Aim of the task >>
Below are records; copy exactly the line containing "Some of the text" and every line after it, through the last.

+++

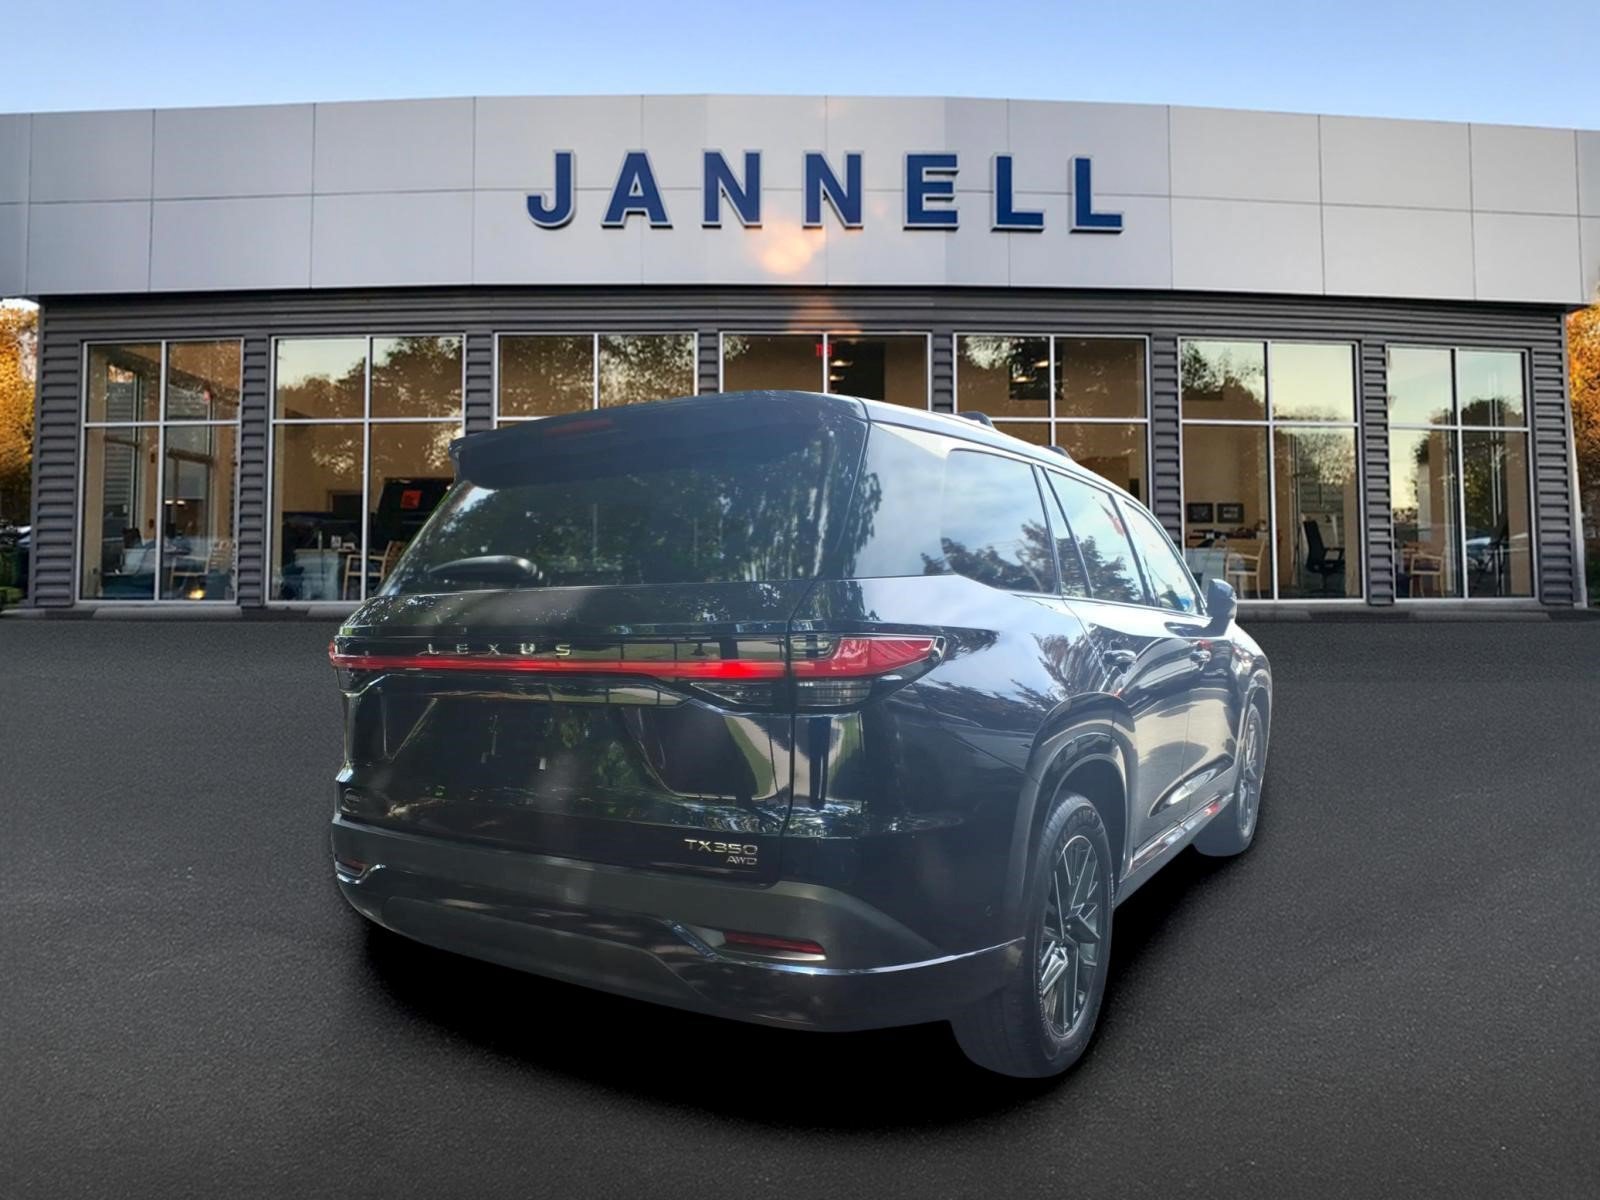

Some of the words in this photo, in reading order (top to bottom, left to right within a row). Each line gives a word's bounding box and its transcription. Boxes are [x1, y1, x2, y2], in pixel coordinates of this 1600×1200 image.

[526, 149, 1124, 233] JANNELL
[427, 642, 572, 656] LEXUS
[726, 855, 759, 866] AWD
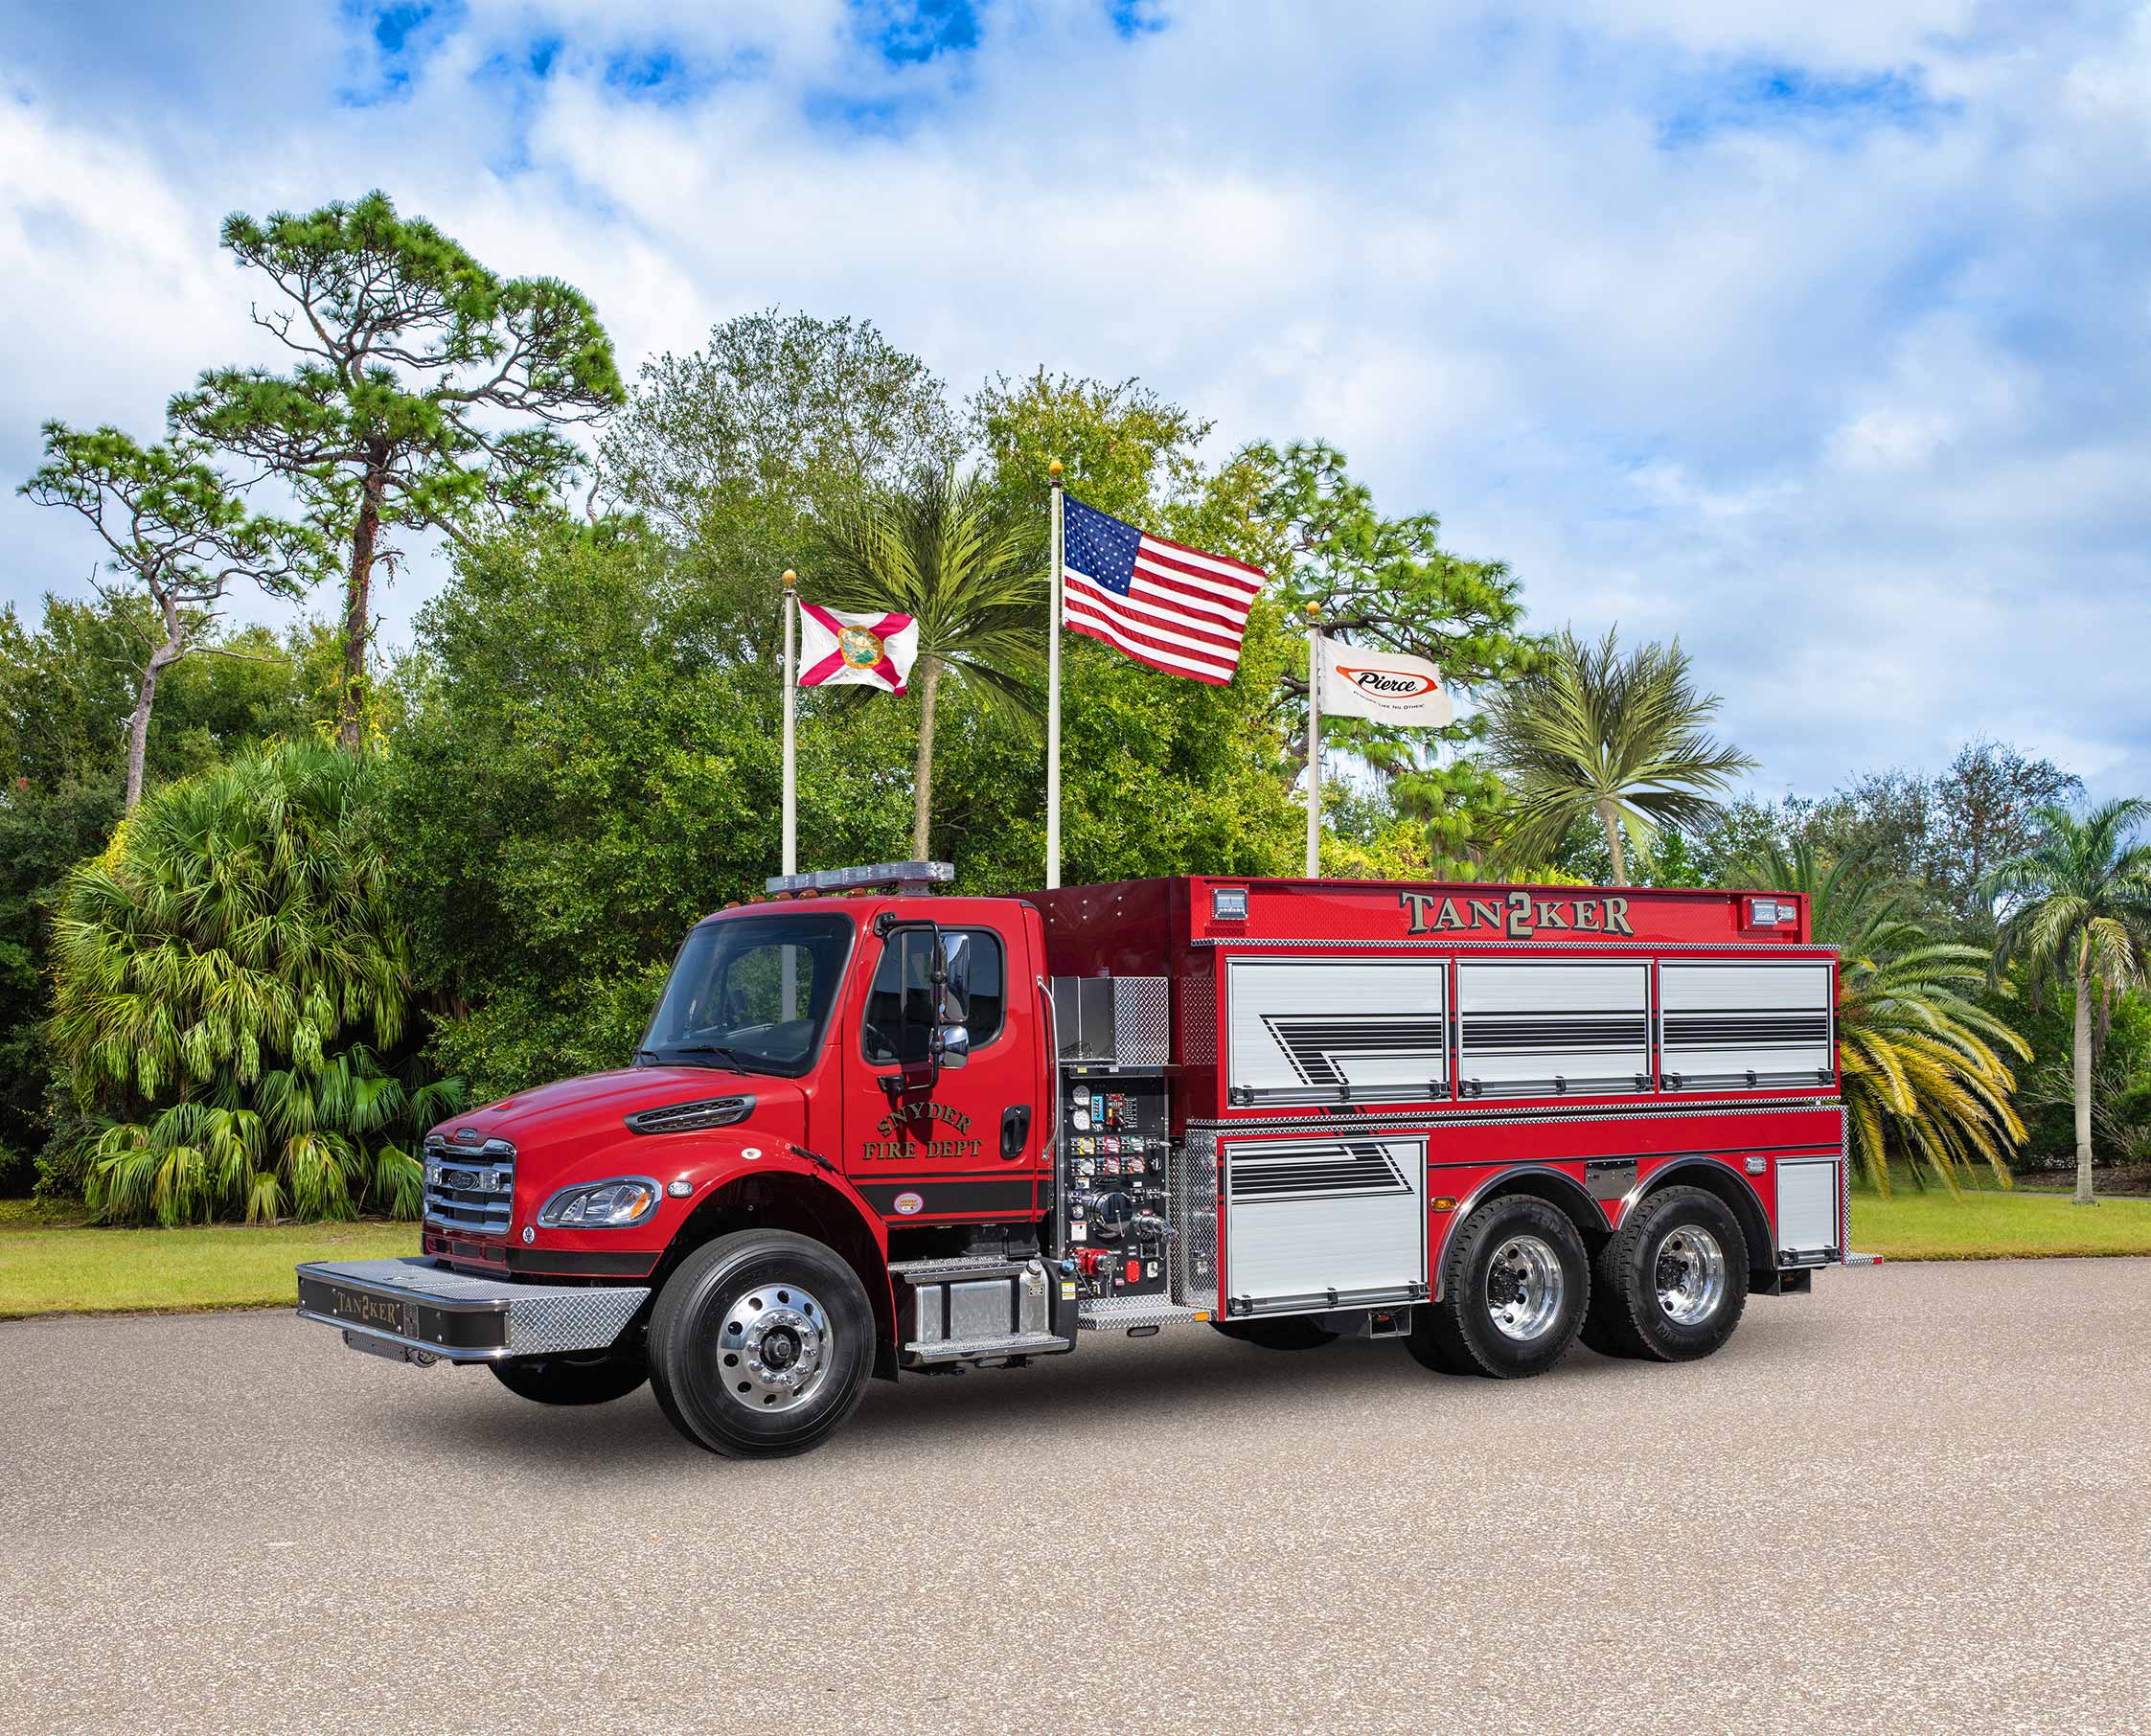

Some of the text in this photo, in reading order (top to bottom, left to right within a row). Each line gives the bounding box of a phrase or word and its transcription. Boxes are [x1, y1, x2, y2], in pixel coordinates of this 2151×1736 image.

[1358, 672, 1416, 692] Pierce
[877, 1102, 973, 1138] SNYDER
[863, 1139, 982, 1160] FIRE DEPT

+++

Output of the exercise >>
Some of the text in this photo, in reading order (top to bottom, left to right within a row). Each line gives the bounding box of a phrase or word and its transcription. Boxes are [x1, y1, x2, y2], in pixel coordinates of this 2151×1736 image.

[1358, 672, 1416, 692] Pierce
[877, 1102, 973, 1138] SNYDER
[863, 1139, 982, 1160] FIRE DEPT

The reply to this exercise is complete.